**Work instructions:**
A word-for-word copy of the records that follow is needed, with every picture omitted.

**Records for the task:**
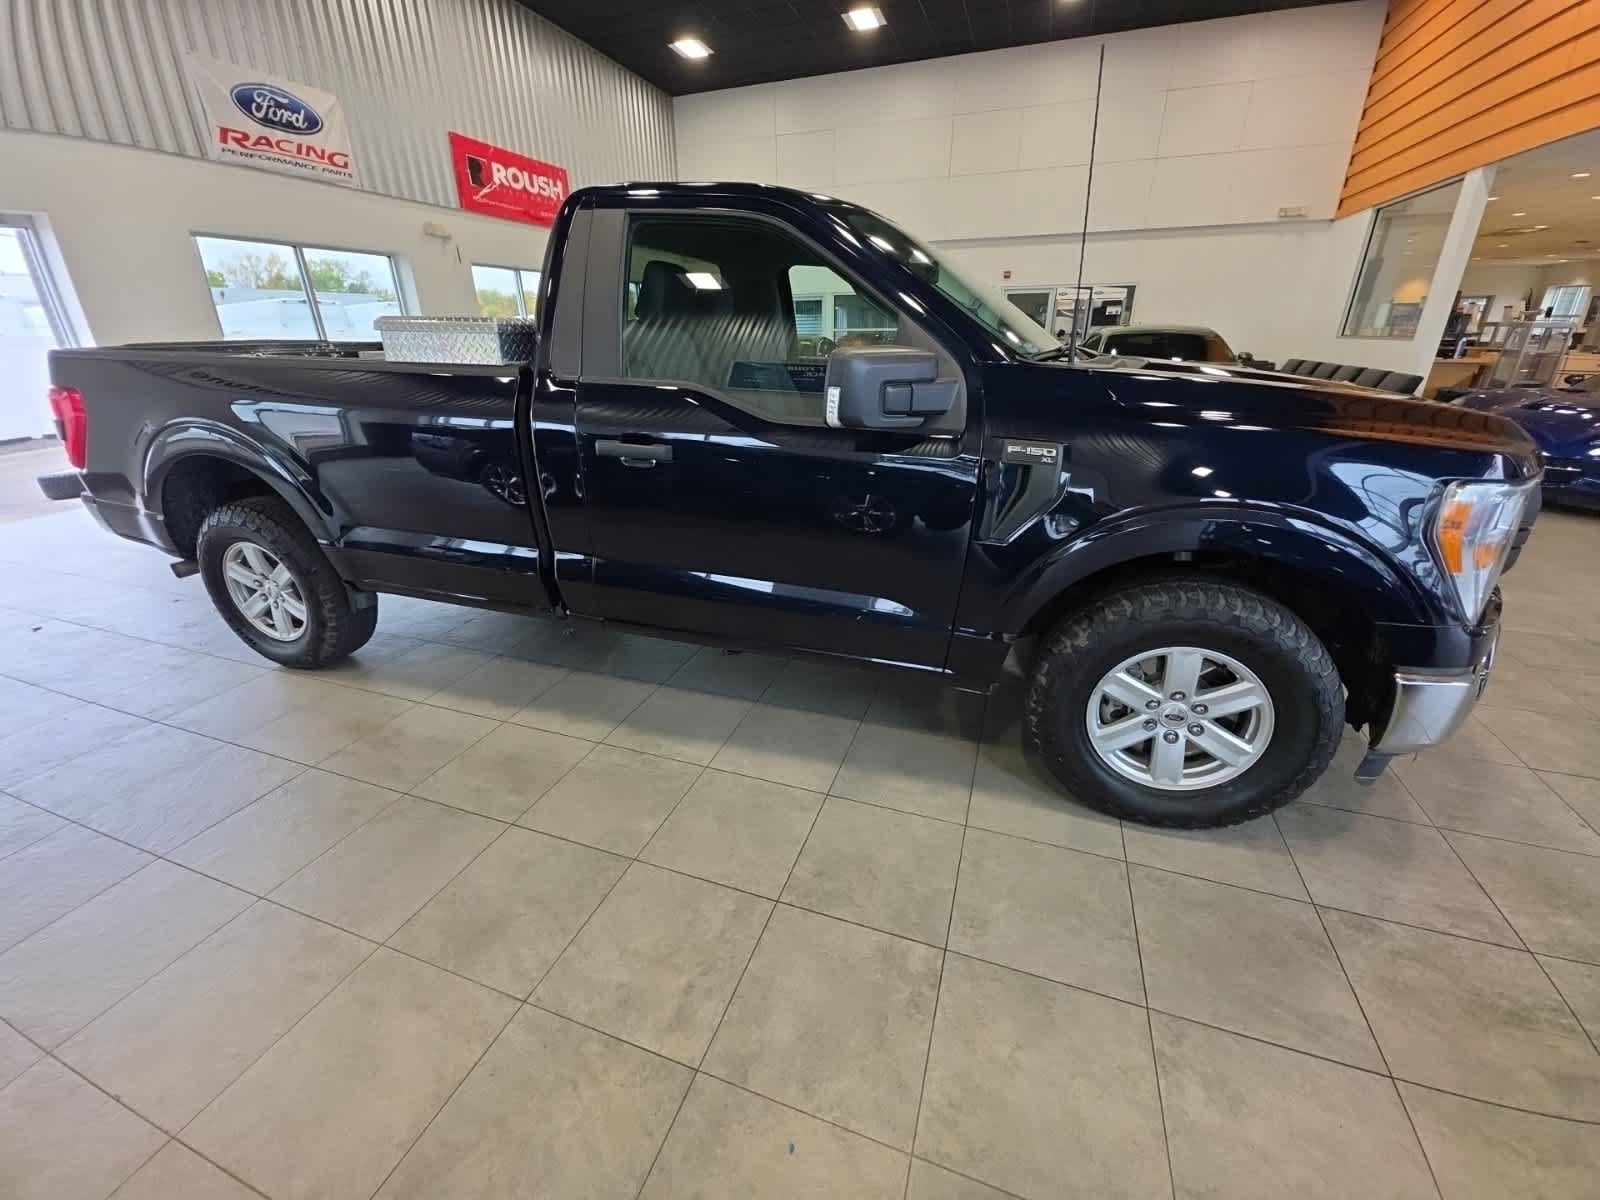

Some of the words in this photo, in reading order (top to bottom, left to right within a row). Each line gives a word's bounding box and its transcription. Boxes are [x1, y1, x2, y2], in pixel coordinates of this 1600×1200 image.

[252, 90, 307, 128] Ford
[218, 127, 349, 169] RACING
[221, 147, 320, 170] PERFORMANCE
[321, 168, 353, 178] PARTS
[491, 161, 563, 200] ROUSH
[1007, 445, 1056, 456] F-150
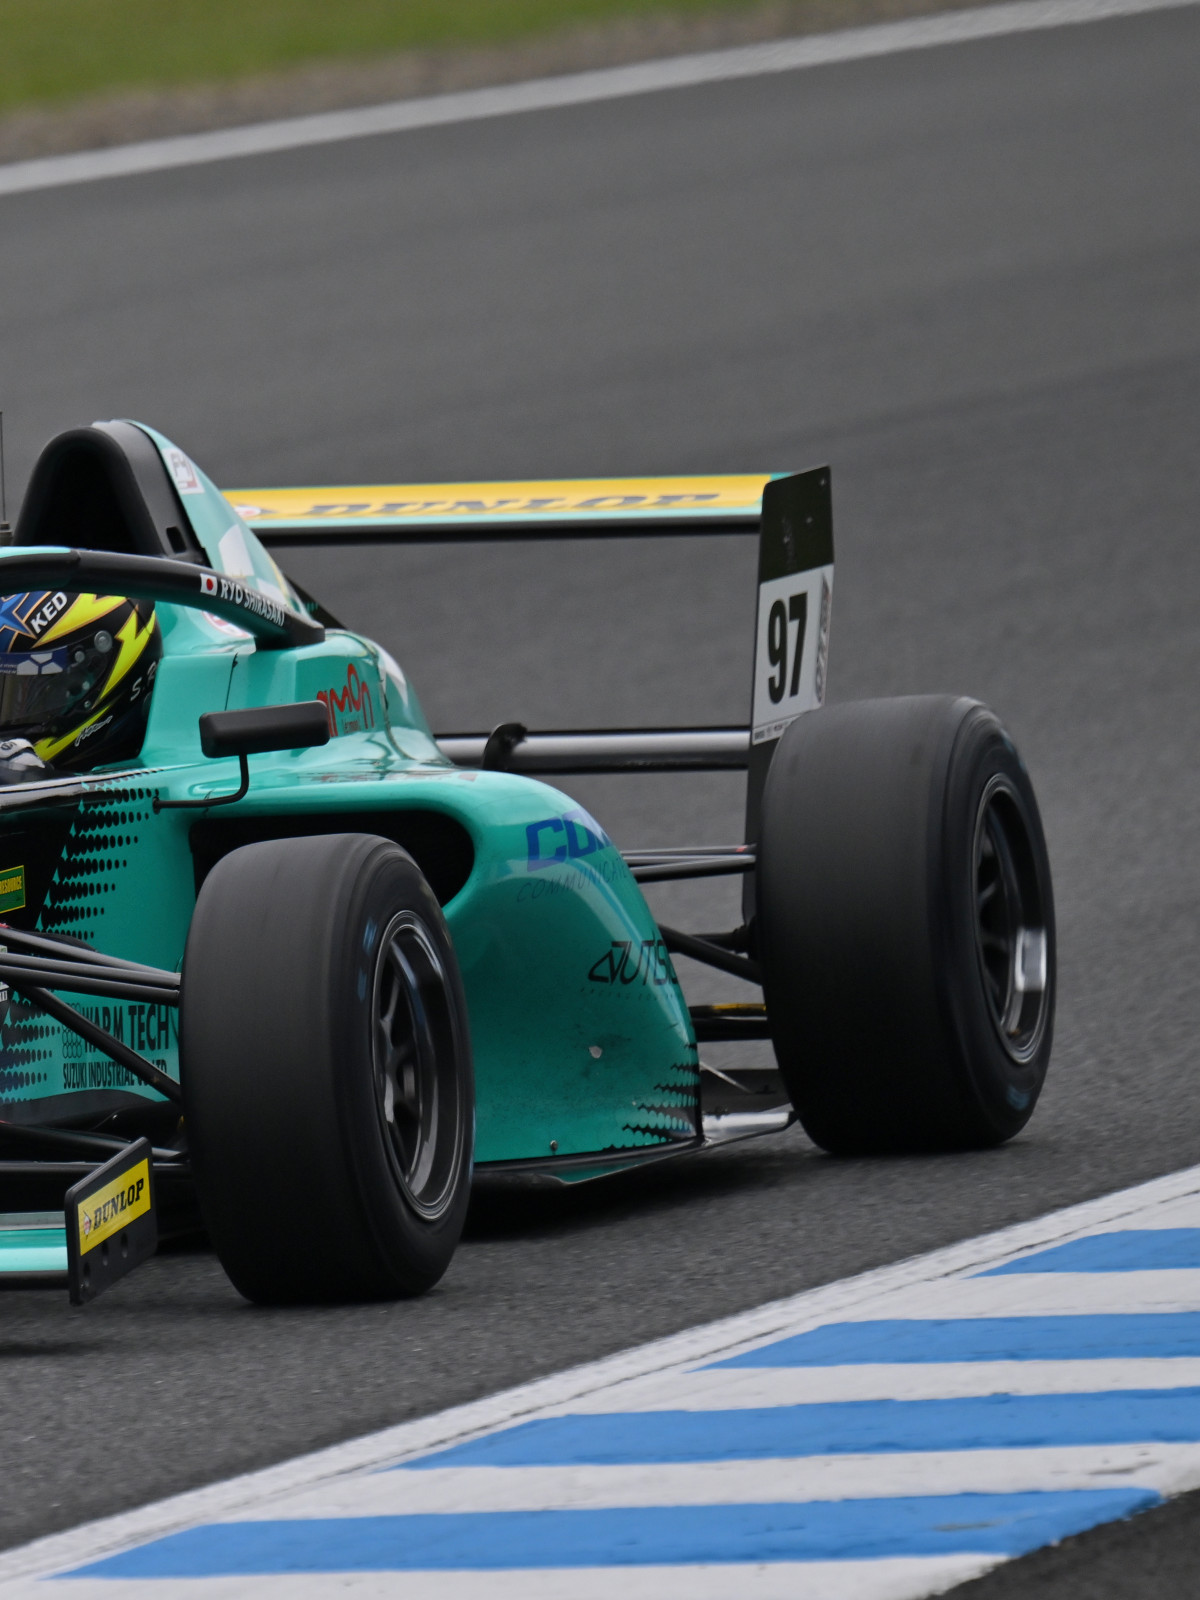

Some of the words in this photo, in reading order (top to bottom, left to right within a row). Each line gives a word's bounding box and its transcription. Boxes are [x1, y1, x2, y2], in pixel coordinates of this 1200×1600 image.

**Reply to the task:**
Some of the words in this photo, in reading order (top to bottom, left to right within a row). Each line gives a word's bounding box and its transcription. Boxes are [x1, y1, x2, y2], in pixel coordinates of this 1600×1200 image.

[252, 90, 307, 128] Ford
[218, 127, 349, 169] RACING
[221, 147, 320, 170] PERFORMANCE
[321, 168, 353, 178] PARTS
[491, 161, 563, 200] ROUSH
[1007, 445, 1056, 456] F-150

Some of the words in this photo, in reading order (top to bottom, left to right within a row). Each line gives a word's bounding box and its transcription. Boxes are [x1, y1, x2, y2], in pixel coordinates of this 1200×1600 image.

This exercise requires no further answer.